§ **SOURCE MATERIAL**
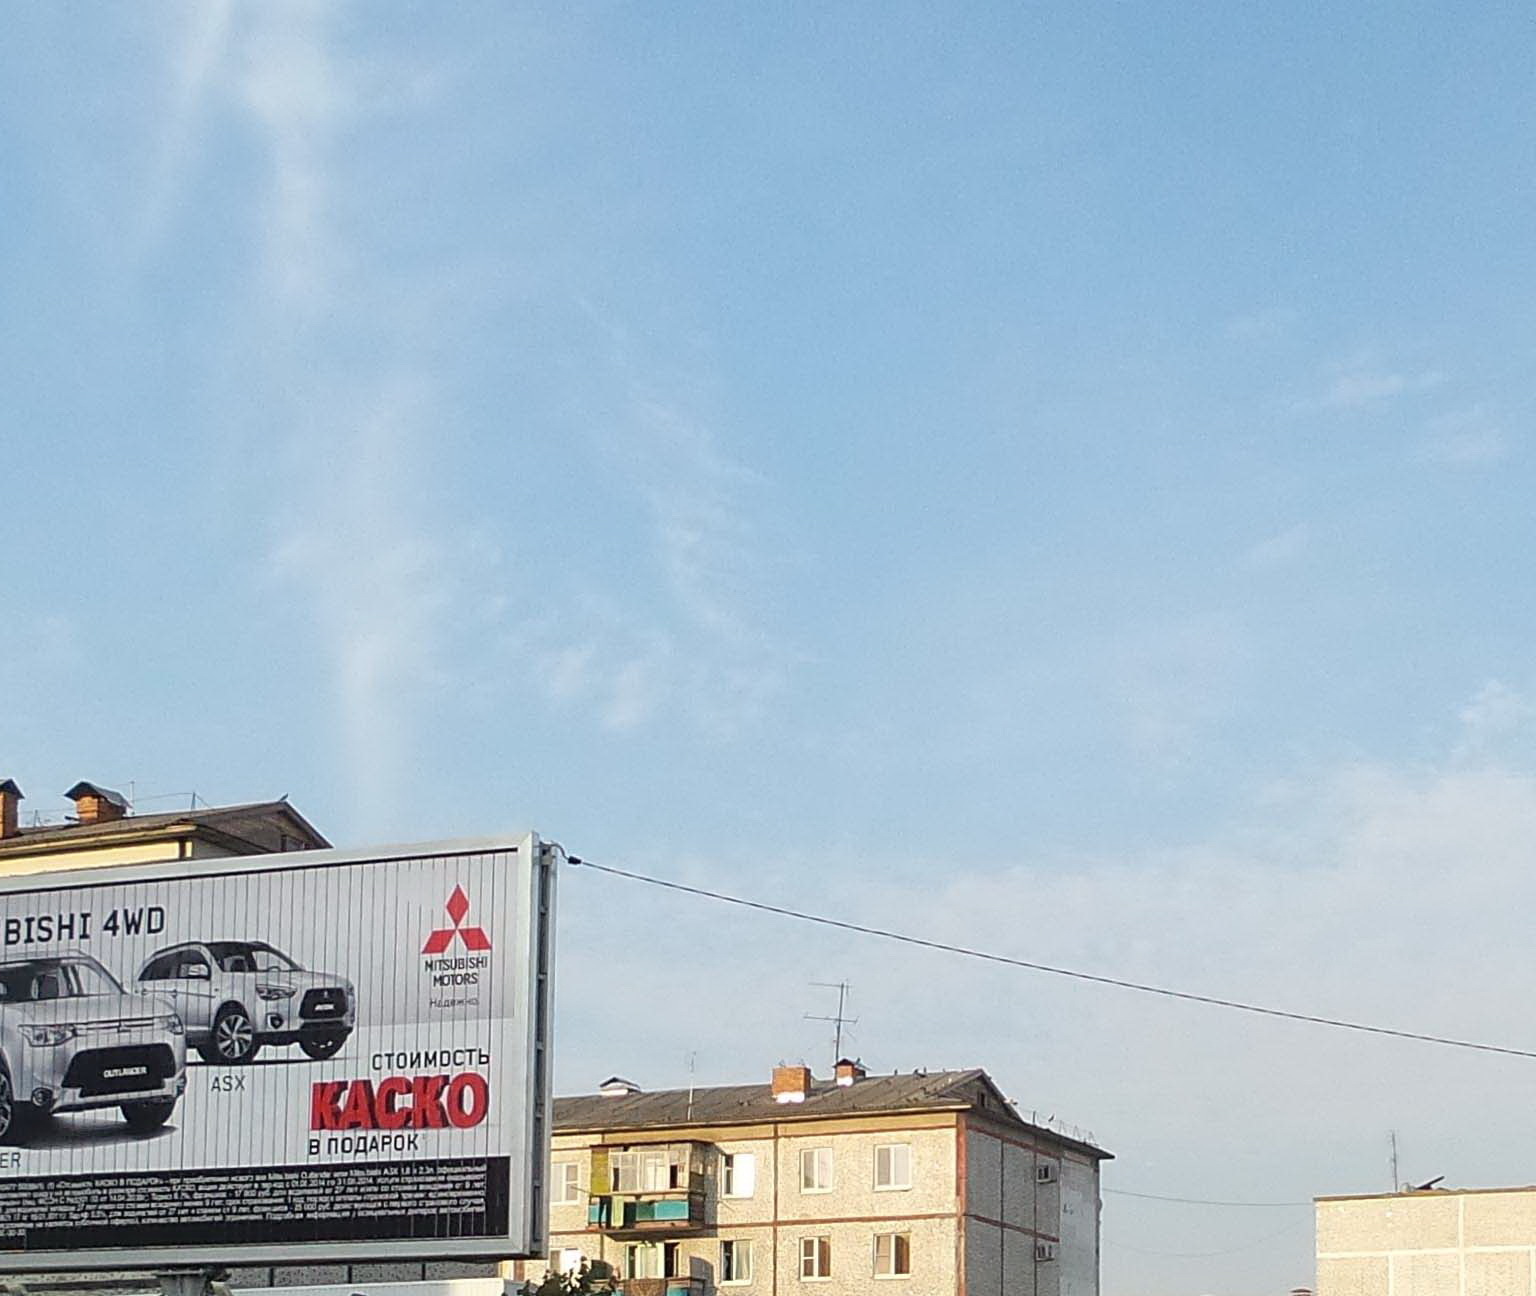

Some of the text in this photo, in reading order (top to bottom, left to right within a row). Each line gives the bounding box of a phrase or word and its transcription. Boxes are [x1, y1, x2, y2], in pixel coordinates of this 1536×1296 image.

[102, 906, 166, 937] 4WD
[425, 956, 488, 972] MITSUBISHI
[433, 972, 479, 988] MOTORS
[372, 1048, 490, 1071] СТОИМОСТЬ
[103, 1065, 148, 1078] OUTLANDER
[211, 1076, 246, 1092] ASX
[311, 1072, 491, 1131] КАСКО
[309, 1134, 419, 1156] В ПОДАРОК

§ **REQUIRED WORK**
Please reproduce each entry exactly as given and omit the pictures.

§ **SOLUTION TO THIS PROBLEM**
Some of the text in this photo, in reading order (top to bottom, left to right within a row). Each line gives the bounding box of a phrase or word and its transcription. Boxes are [x1, y1, x2, y2], in pixel coordinates of this 1536×1296 image.

[102, 906, 166, 937] 4WD
[425, 956, 488, 972] MITSUBISHI
[433, 972, 479, 988] MOTORS
[372, 1048, 490, 1071] СТОИМОСТЬ
[103, 1065, 148, 1078] OUTLANDER
[211, 1076, 246, 1092] ASX
[311, 1072, 491, 1131] КАСКО
[309, 1134, 419, 1156] В ПОДАРОК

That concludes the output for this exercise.